4. Future K-Swiss Registrations and Shoes. Payless agrees that the terms of the permanent
injunction executed and filed by the Parties pursuant to Paragraph 5 (Stipulation for Consent
Decree and Permanent Injunction), and the terms of Paragraph 2 (Agreement not to Use) above, shall
be construed to include: any rights claimed hereafter by K-Swiss that are known by Payless or have
been disclosed to Payless in writing, including writings filed with the Court, as of the Effective
Date, are publicly registered and owned by K-Swiss (including, without limitation, any federal or
state trademark, trade dress or service xxxx registrations sought or acquired by K-Swiss after the
Effective Date), or any shoes K-Swiss sells in the future embodying any such rights, to the extent
that the foregoing K-Swiss shoes bear the K-Swiss trademarks, service marks, or the Classic Trade
Dress or derivatives thereof. Payless acknowledges and agrees that any acquired distinctiveness or
non-functionality in such K-Swiss rights is deemed established without a requirement for any
further showing by K-Swiss.
5. Consent Decree and Permanent Injunction.

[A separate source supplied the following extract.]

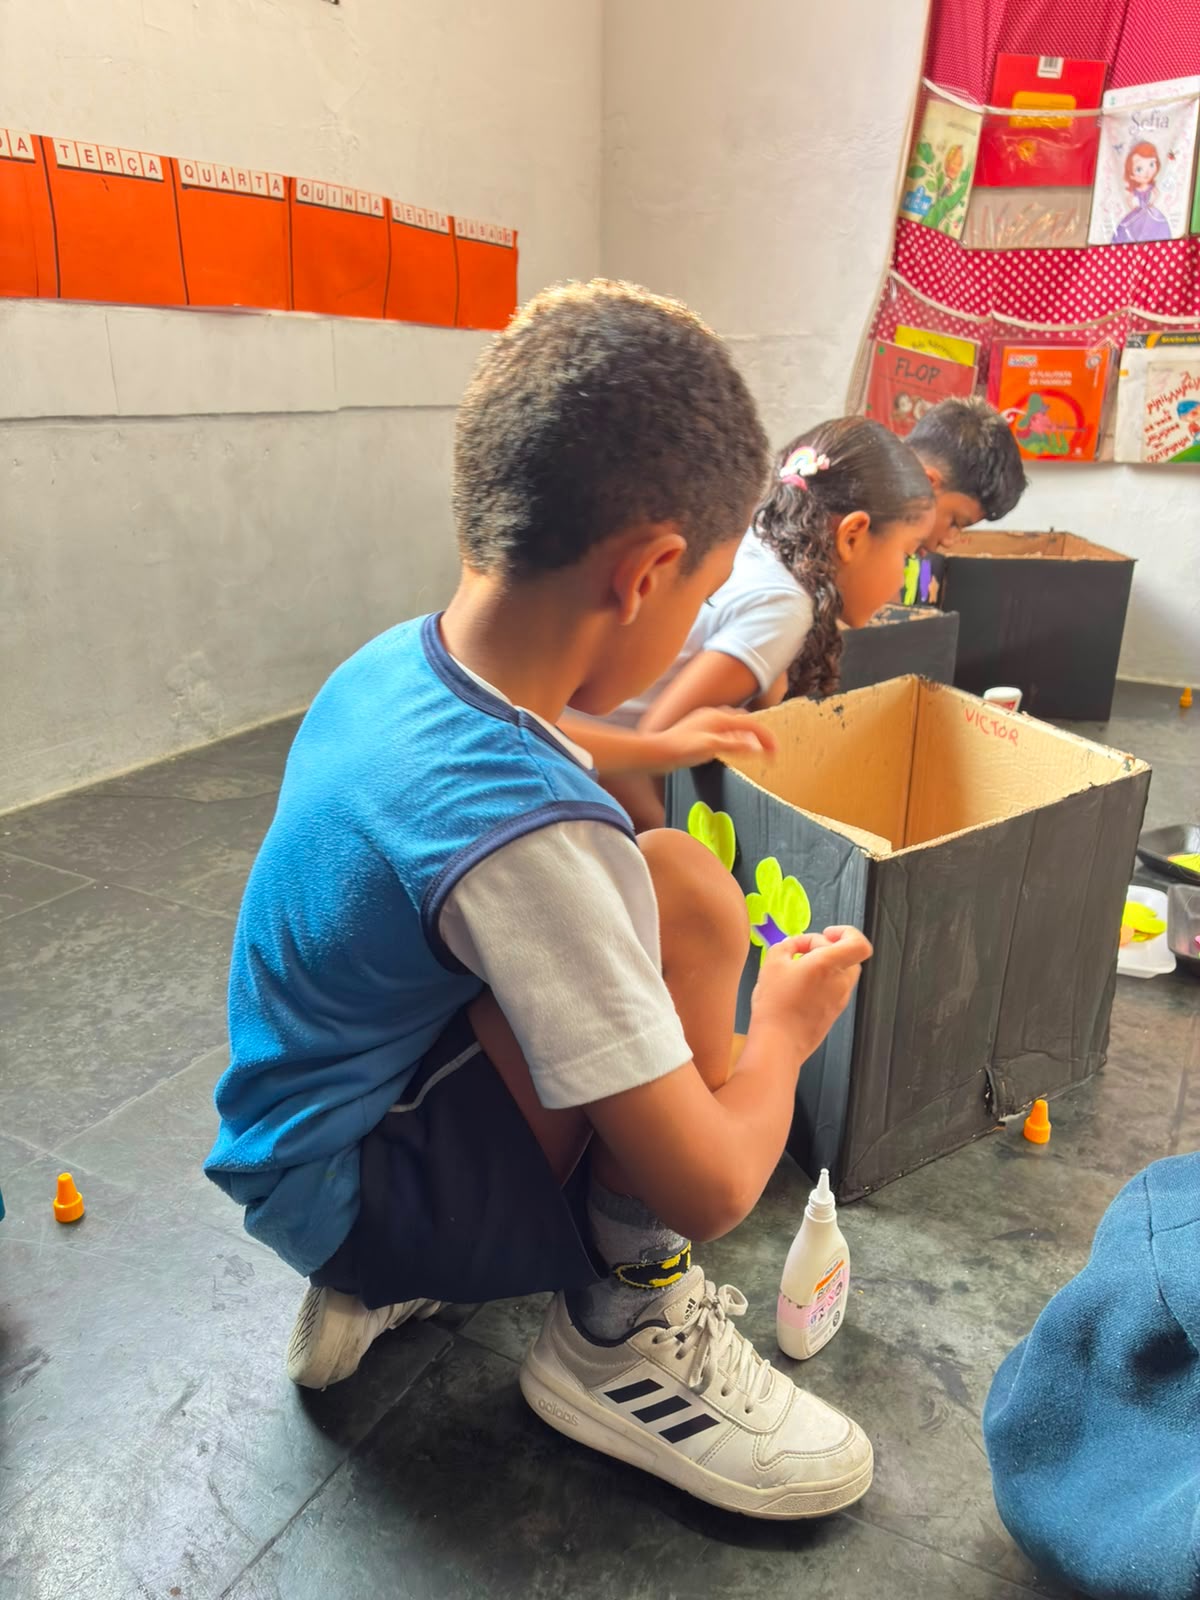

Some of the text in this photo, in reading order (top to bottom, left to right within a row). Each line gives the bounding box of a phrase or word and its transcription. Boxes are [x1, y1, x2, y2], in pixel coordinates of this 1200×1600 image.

Within five (5) calendar days of the full
execution of this Agreement, K-Swiss and Payless shall jointly execute and file a Stipulation for a
Consent Decree and Permanent Injunction in the form attached hereto as Exhibit 5. A material
element of settlement hereunder is the retention by the Court of jurisdiction to enforce this
Agreement. Payless further agrees that, within ten (10) business days of the full execution of this
Agreement, it shall take all actions necessary to dismiss any pending oppositions it may have in
the United States Patent and Trademark Office against K-Swiss as of the Effective Date.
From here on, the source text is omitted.